_Provided data_
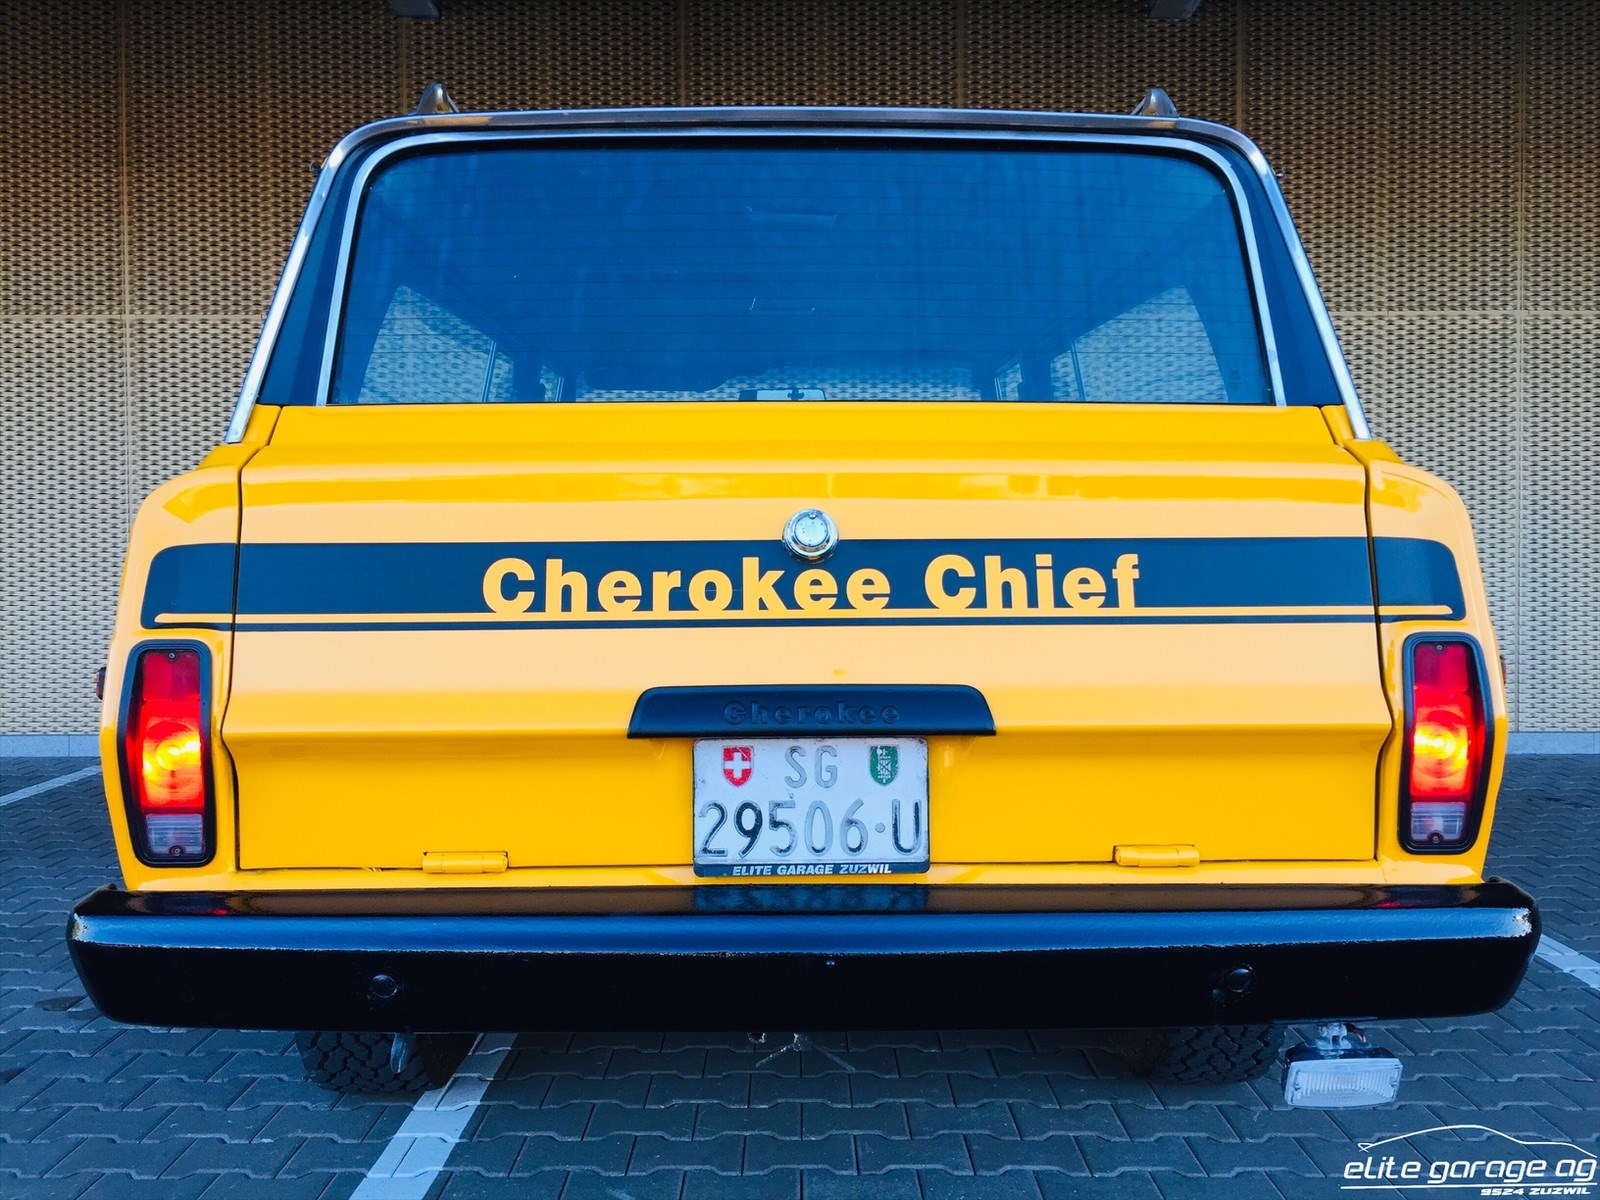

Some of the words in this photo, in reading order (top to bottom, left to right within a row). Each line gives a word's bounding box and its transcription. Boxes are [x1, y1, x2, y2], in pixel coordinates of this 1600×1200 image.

[482, 556, 891, 613] Cherokee
[924, 553, 1140, 610] Chief
[724, 700, 900, 725] Cherokee
[784, 745, 838, 789] SG
[732, 866, 773, 877] ELITE
[776, 865, 833, 876] GARAGE
[839, 864, 892, 875] ZUZWIL
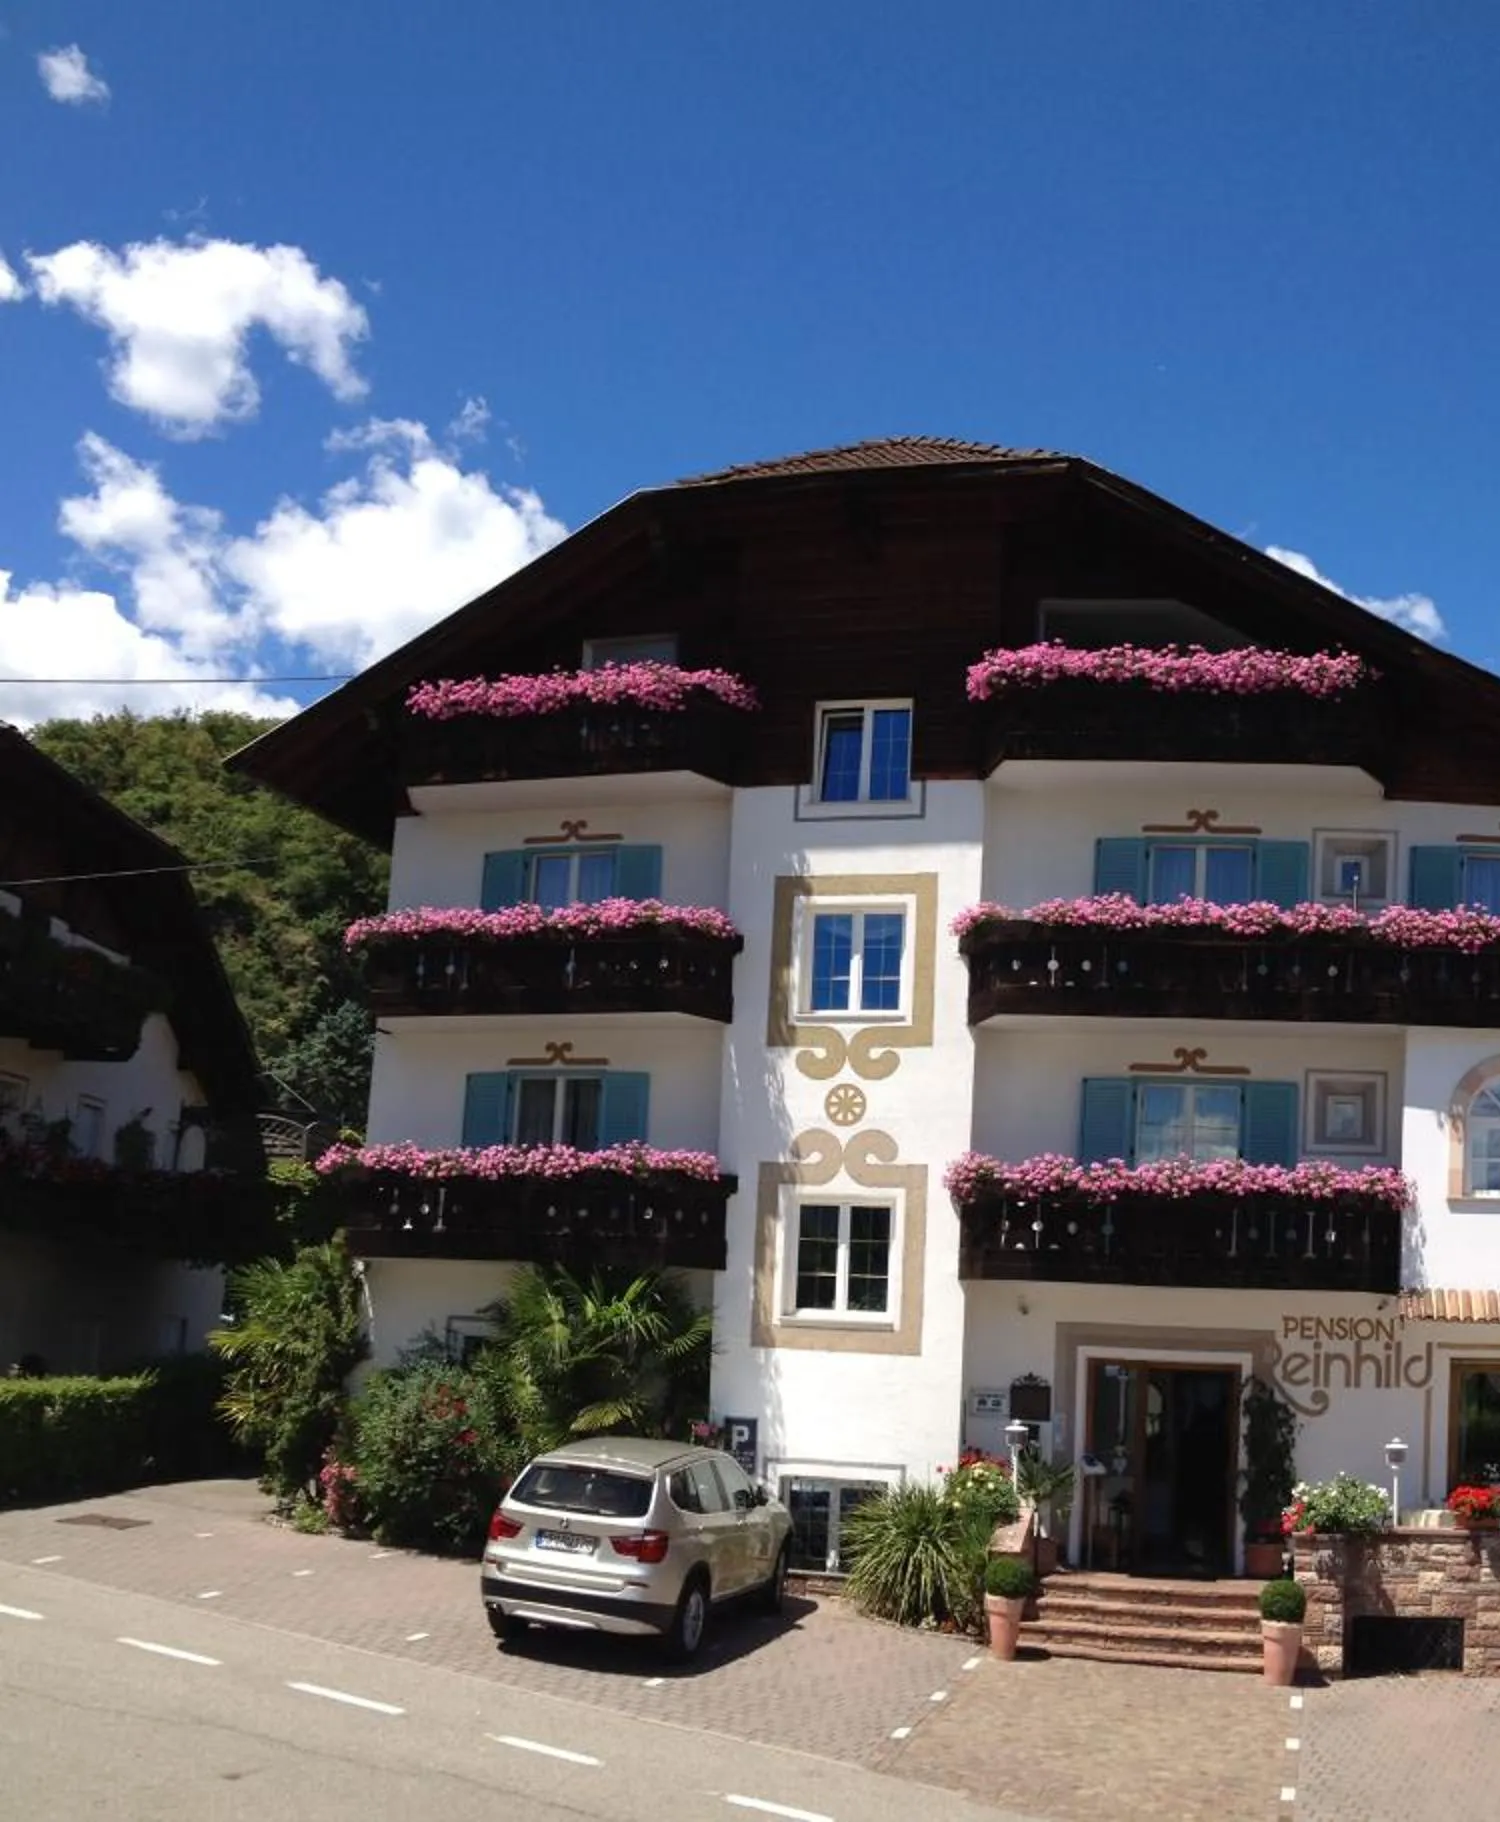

_What you will do_
With pictures excluded, the data must be transcribed in full and to the letter.

_Problem solution_
Some of the words in this photo, in reading order (top to bottom, left to right within a row). Each line gives a word's bounding box and its transcription. Boxes are [x1, y1, x2, y2], in pixel coordinates of this 1600×1200 image.

[482, 556, 891, 613] Cherokee
[924, 553, 1140, 610] Chief
[724, 700, 900, 725] Cherokee
[784, 745, 838, 789] SG
[732, 866, 773, 877] ELITE
[776, 865, 833, 876] GARAGE
[839, 864, 892, 875] ZUZWIL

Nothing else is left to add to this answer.